■ Goal of the exercise
Print every record exactly, but leave out the pictures.

Records from a data collection
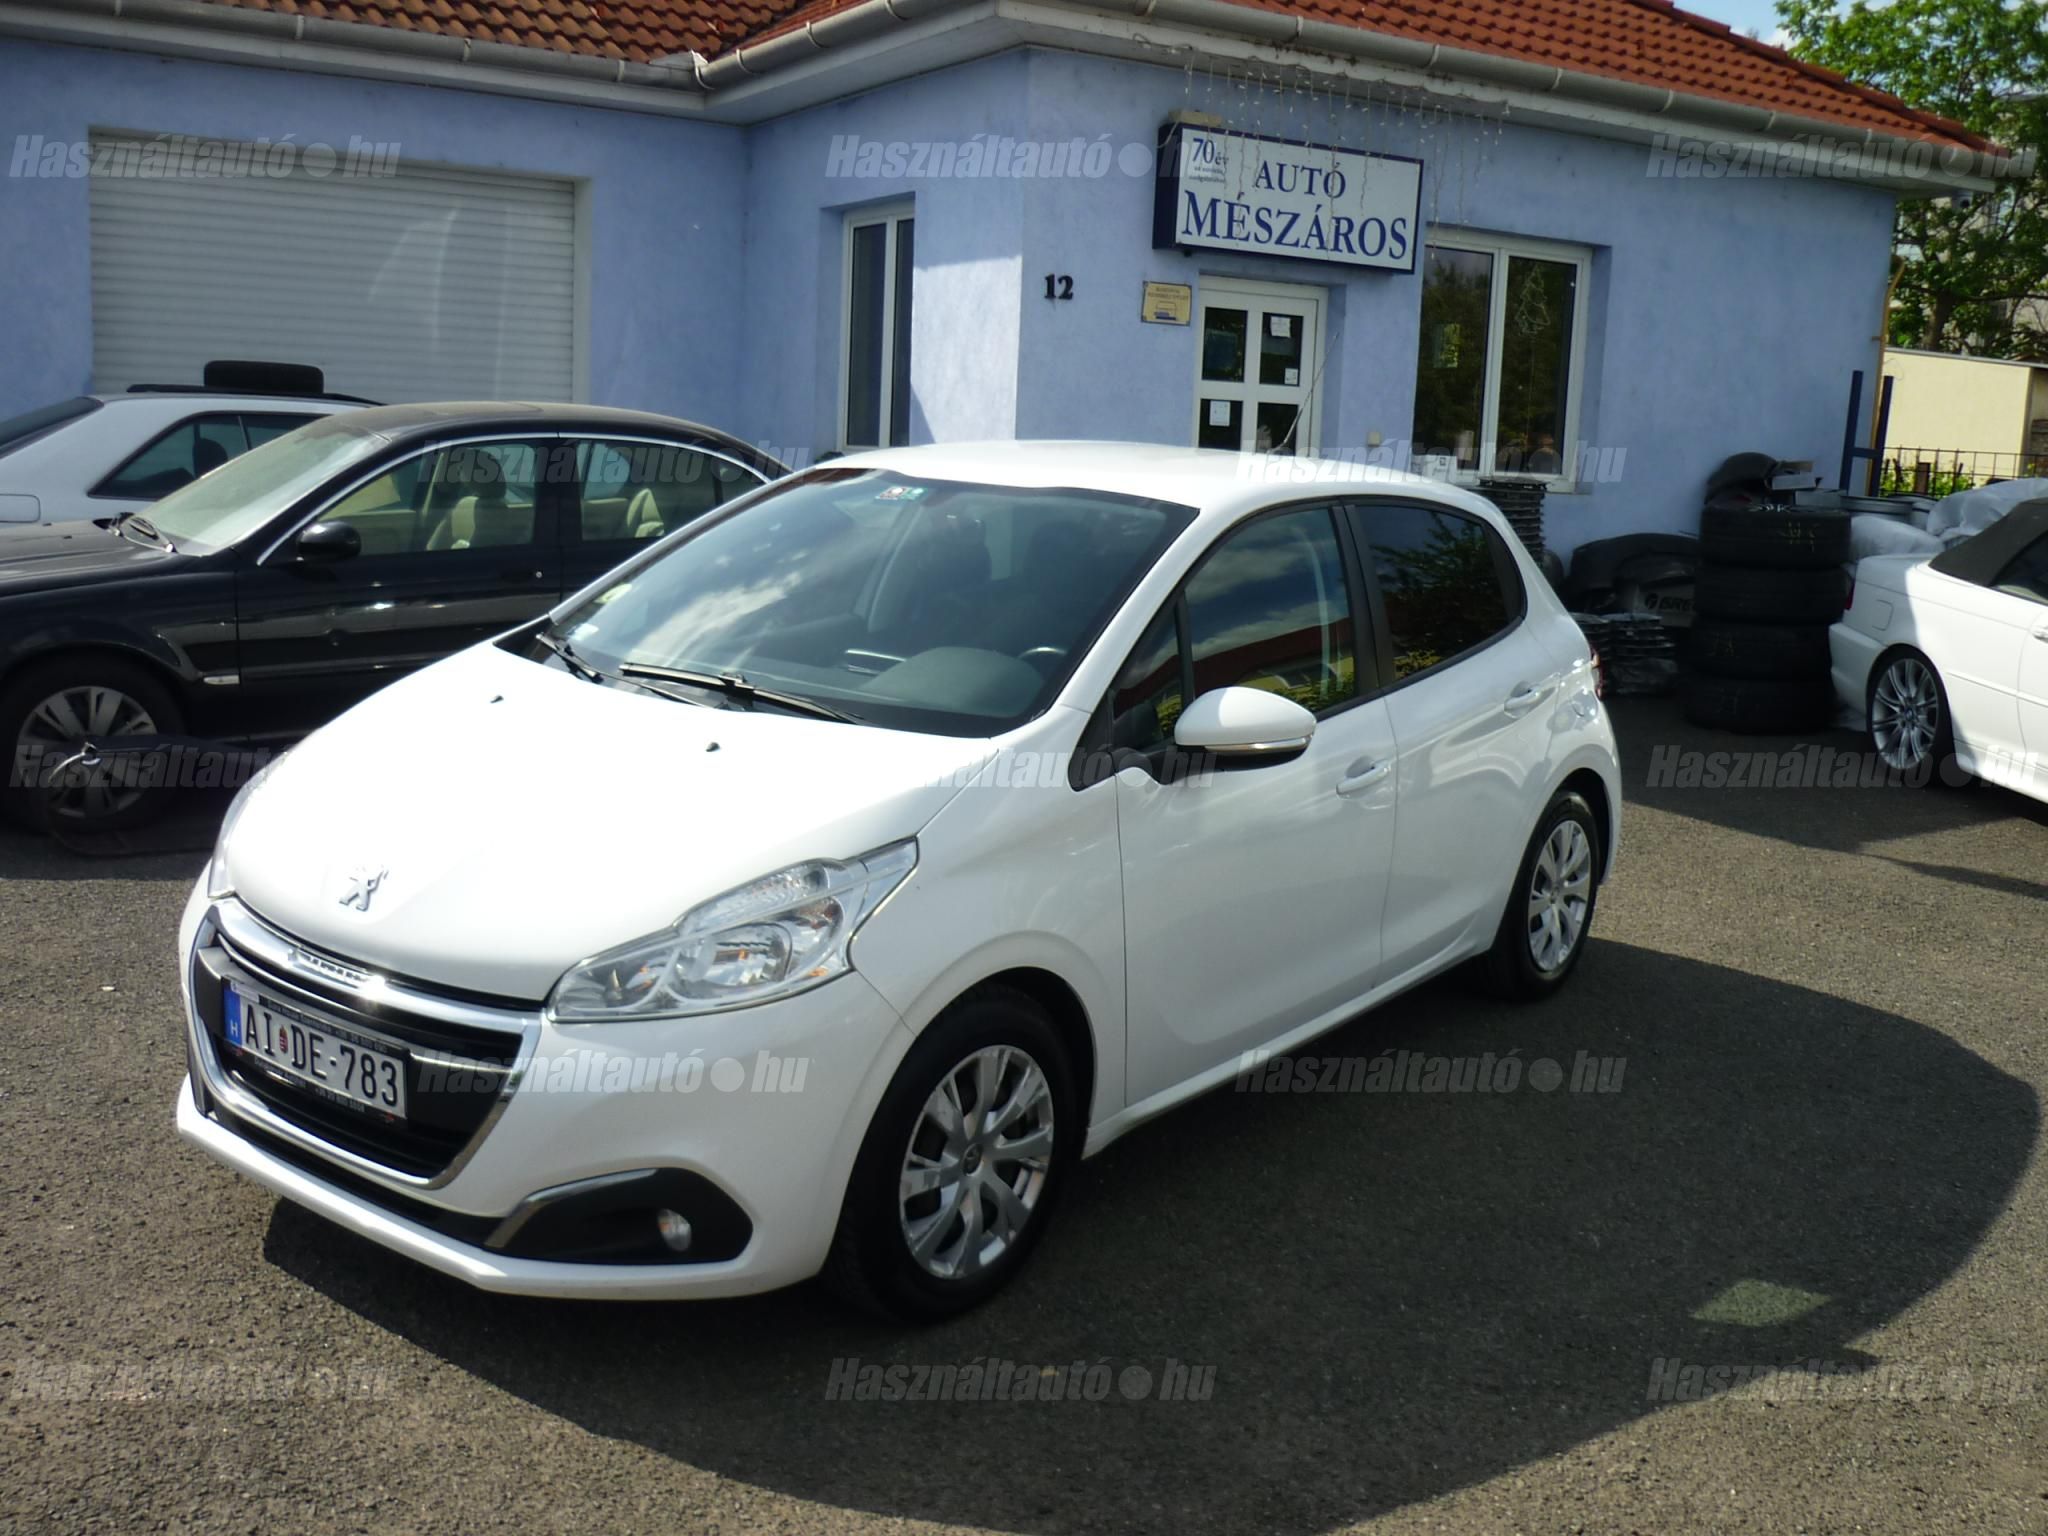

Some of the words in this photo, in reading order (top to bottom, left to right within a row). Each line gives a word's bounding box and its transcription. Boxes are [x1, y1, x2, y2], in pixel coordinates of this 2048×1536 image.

[1255, 160, 1346, 198] AUTÓ
[1182, 190, 1407, 260] MÉSZÁROS
[1044, 273, 1074, 300] 12
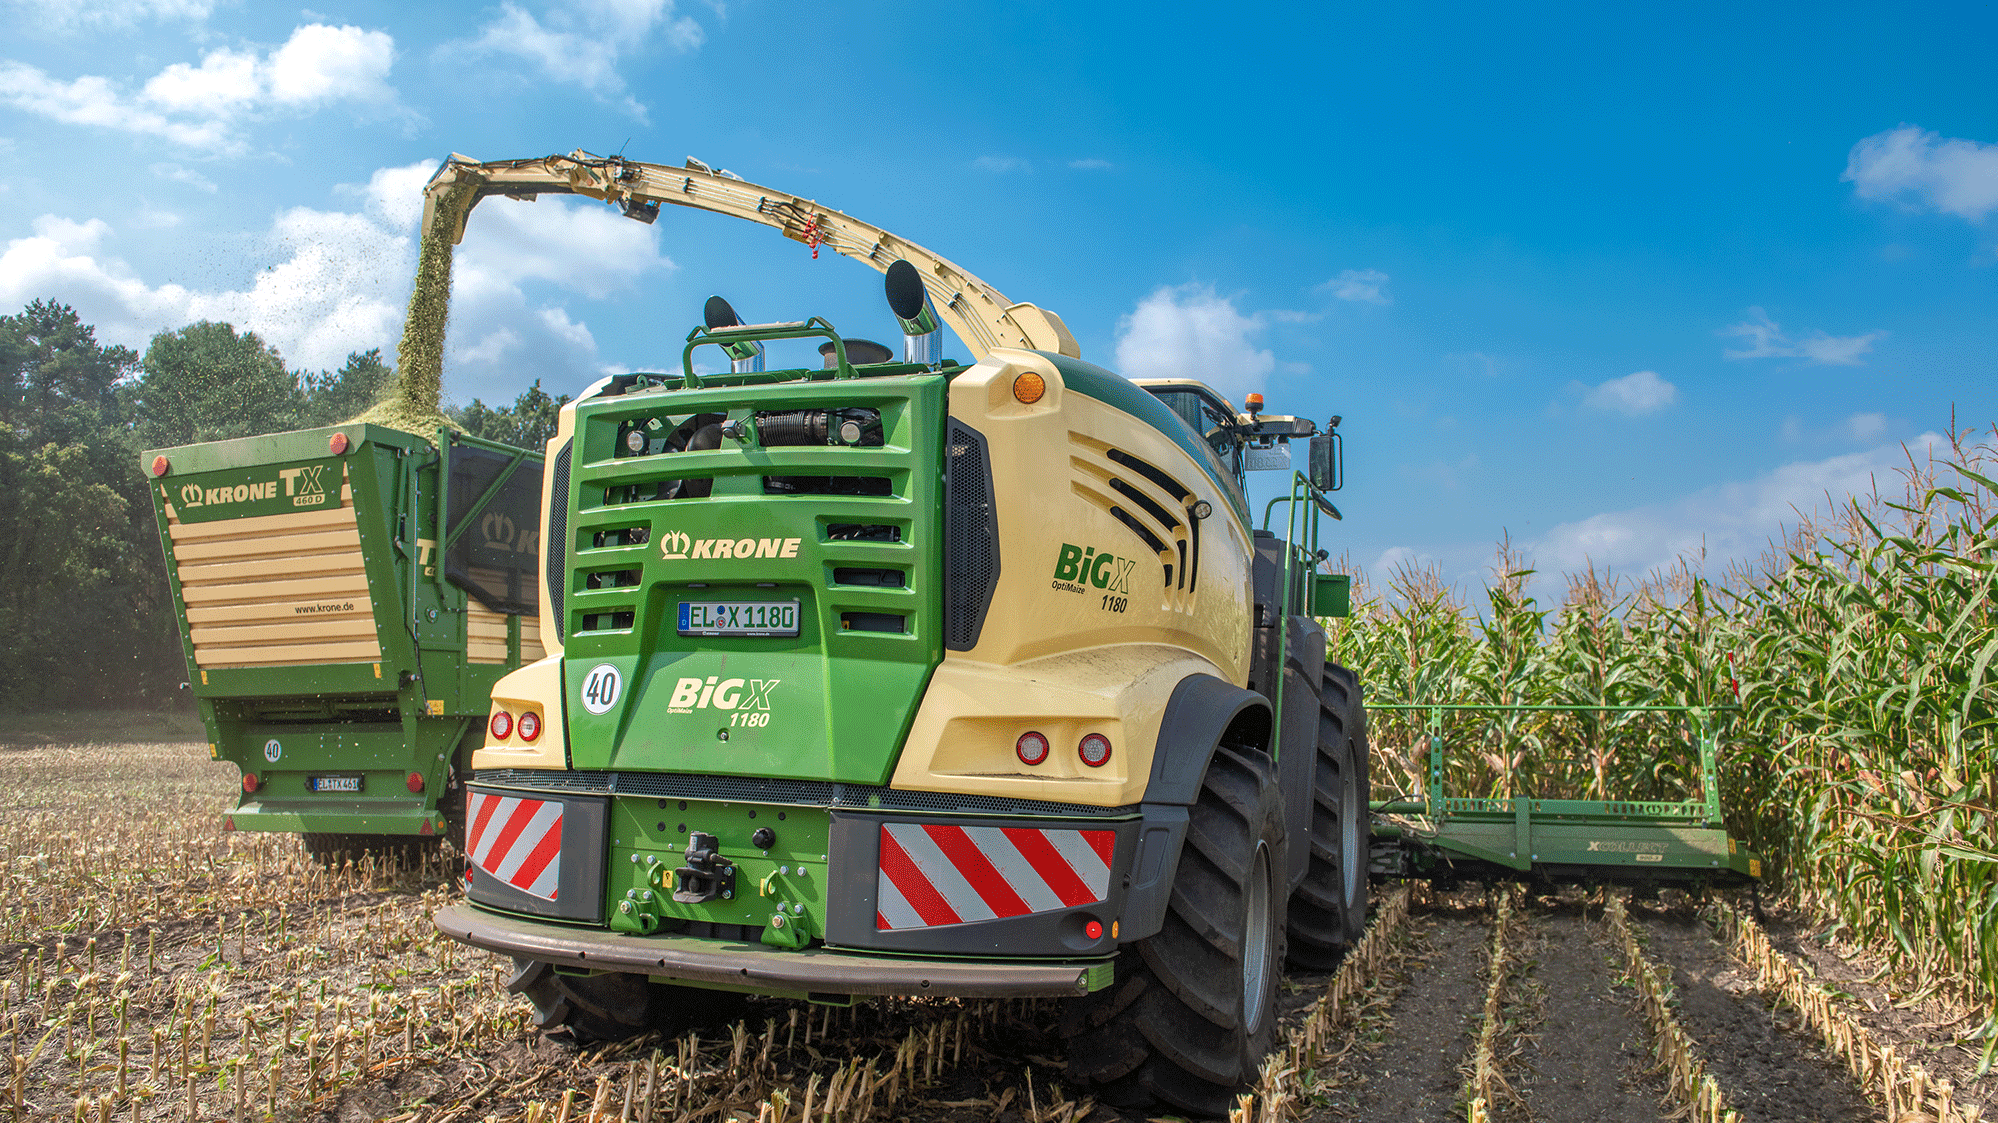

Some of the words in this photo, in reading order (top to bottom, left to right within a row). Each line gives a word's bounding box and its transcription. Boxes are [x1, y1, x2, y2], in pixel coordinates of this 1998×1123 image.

■ Solved problem
Some of the words in this photo, in reading order (top to bottom, left to right within a row). Each line gives a word's bounding box and its transcription. Boxes are [x1, y1, x2, y2], in pixel coordinates of this 2048×1536 image.

[1255, 160, 1346, 198] AUTÓ
[1182, 190, 1407, 260] MÉSZÁROS
[1044, 273, 1074, 300] 12

Some of the words in this photo, in reading order (top to bottom, left to right within a row). Each line gives a word's bounding box and its transcription. Boxes are [x1, y1, x2, y2], in pixel coordinates of this 1998×1123 image.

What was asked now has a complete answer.